Two scientists walk into a bar. The first one says, "Can I have a drink of H2O?" Then the second says, "Can I have a drink of H2O2?" and he dies.

Chicken

Why did the chicken cross the road? Cuz he felt like it mind your f***ing business like damn.

Death

Why did Stephen Hawking die? ... Because he pressed "shut down" instead of "sleep."

Jesus

How did Jesus become self-sovereign?

He screws himself and becomes his own creator.

Food

Knock knock. Who's there? Artichokes. Artichokes who? Artichokes when he eats too fast.

Memes

Well

Why did an old man fall in a well?

Because he couldn't see that well.

High-five

What happened when the Japanese guy offered Logan Paul a high five?

He left him hanging.

Fight

We all know yo homie bout to hop in a fight when:

1. He staring mighty hard at y'all.

2. When your friend know you gon get your ass beat.

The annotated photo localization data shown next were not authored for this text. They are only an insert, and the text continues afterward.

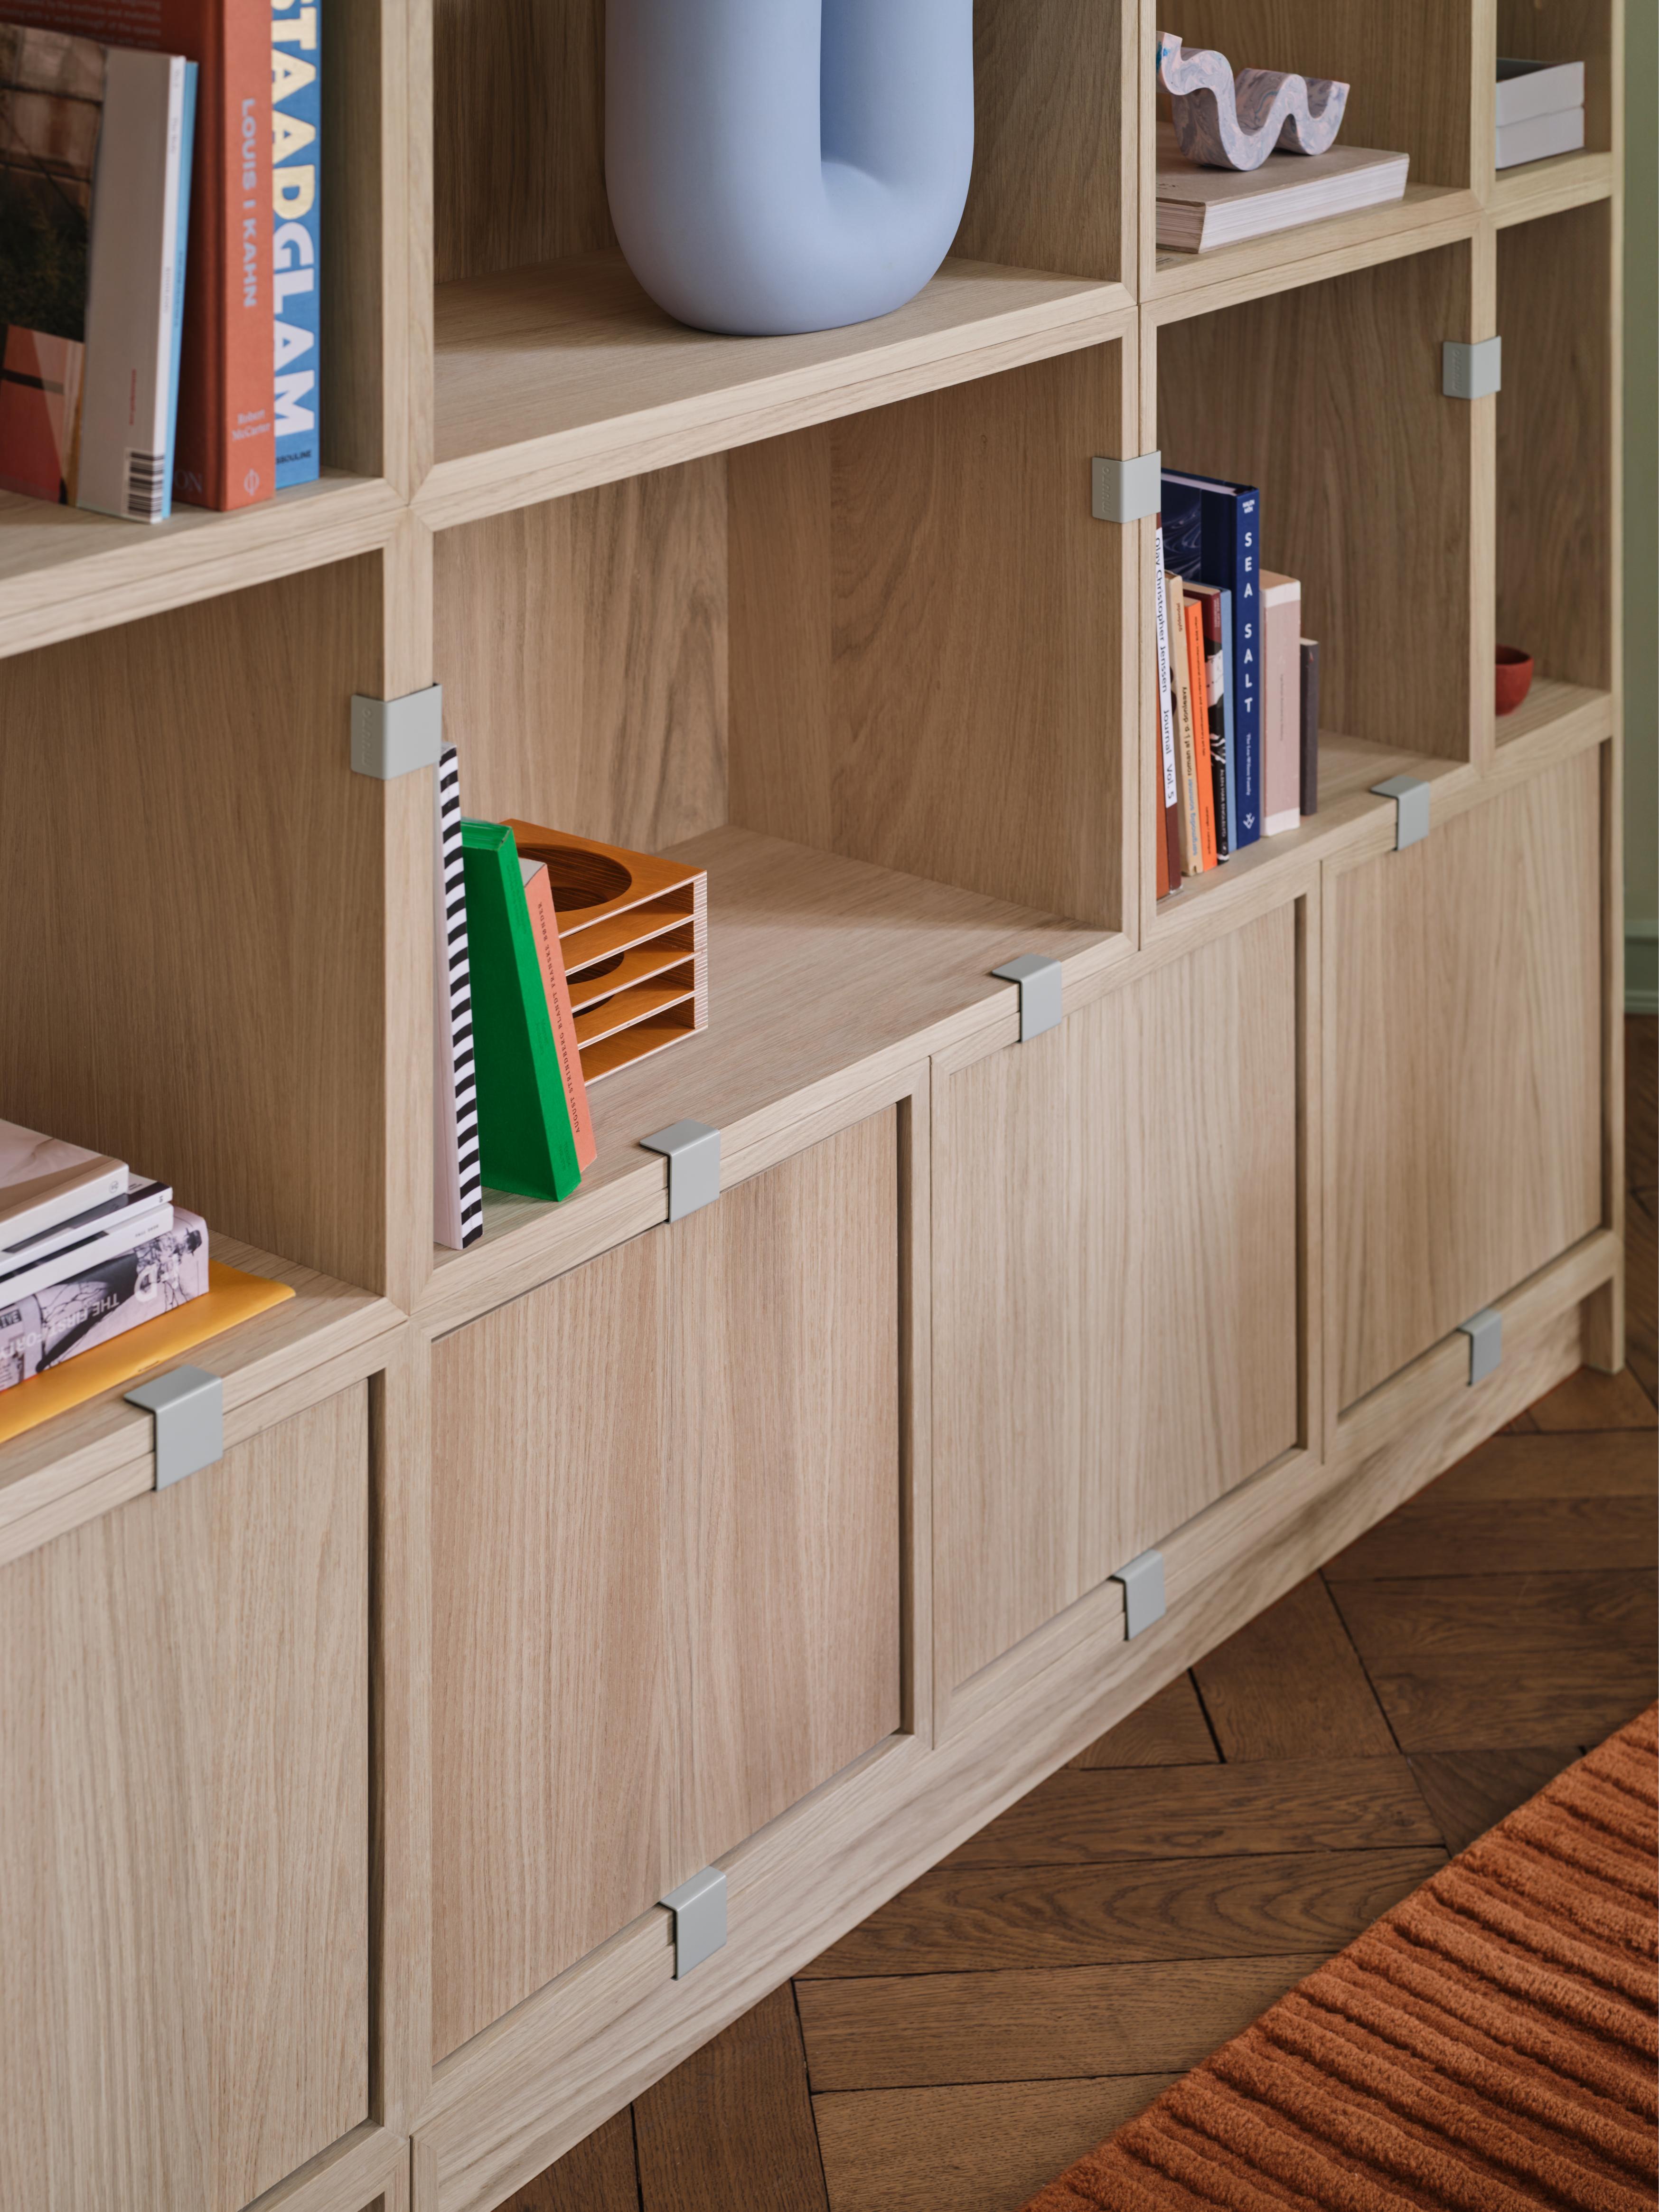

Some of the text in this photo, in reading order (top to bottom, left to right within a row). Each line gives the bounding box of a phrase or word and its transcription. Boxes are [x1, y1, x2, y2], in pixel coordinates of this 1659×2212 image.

[271, 0, 317, 220] TAAD
[241, 98, 256, 191] LOUIS
[243, 218, 257, 307] KAHN
[232, 422, 271, 442] McCarter
[237, 409, 266, 425] Robert
[1156, 570, 1165, 642] Christopher
[1244, 532, 1253, 713] SEA SALT
[1160, 646, 1168, 692] Jenssen
[1163, 709, 1172, 754] Journal
[1166, 764, 1174, 788] Vol.
[1168, 791, 1174, 800] 5
[538, 902, 581, 1134] AUGUST STRINDBERG BLANDT FRANSKE BØNDER
[49, 1307, 89, 1337] FIRST
[93, 1293, 120, 1317] THE

3. When your friend say he not gon jump in (you know he lying).

Boy

What did the boy with no arms get for Christmas?

I don't know, he still hasn't opened it yet.

Batman

If Batman is half bat and half human, how was he made?

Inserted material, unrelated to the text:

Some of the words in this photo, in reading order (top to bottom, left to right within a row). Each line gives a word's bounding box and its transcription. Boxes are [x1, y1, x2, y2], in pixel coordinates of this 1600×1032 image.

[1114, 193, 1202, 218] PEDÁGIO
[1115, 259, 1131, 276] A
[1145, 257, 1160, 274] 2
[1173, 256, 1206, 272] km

"He wasn't because you can't f*ck a bat."

Roblox

One day in Roblox, someone was arguing with me, and they asked me my age. "18." They said that they were twenty-two.

Me: "If you're so smart, what's the largest daycare game on Roblox?"

Him: "Yo Hair," he said. Then he left the game, and I said, "That is so messed up. Actually, that's bullcrap."

Tree

Did the tree high five the emos?

No, he just left them hanging.

Punishment

People were deciding how to punish a terrible criminal, and one man came up with a great idea.

He sat him in a movie theater with no food at all and made him watch a 12 hour documentary about the country Hungary.

Orphan

A kid told me to go get a dad, so I punched the kid. He went to tell his parents. Oh wait, he can't, 'cause he's an orphan, and orphans have no parents.

Prayer

A guy was dying after getting stabbed in a church. He said to the priest, "Please say a prayer for me," and the priest said, "I ain’t got nun left." Then he died.

Man

How can you tell if a man is straight? You don't have to, he will tell you.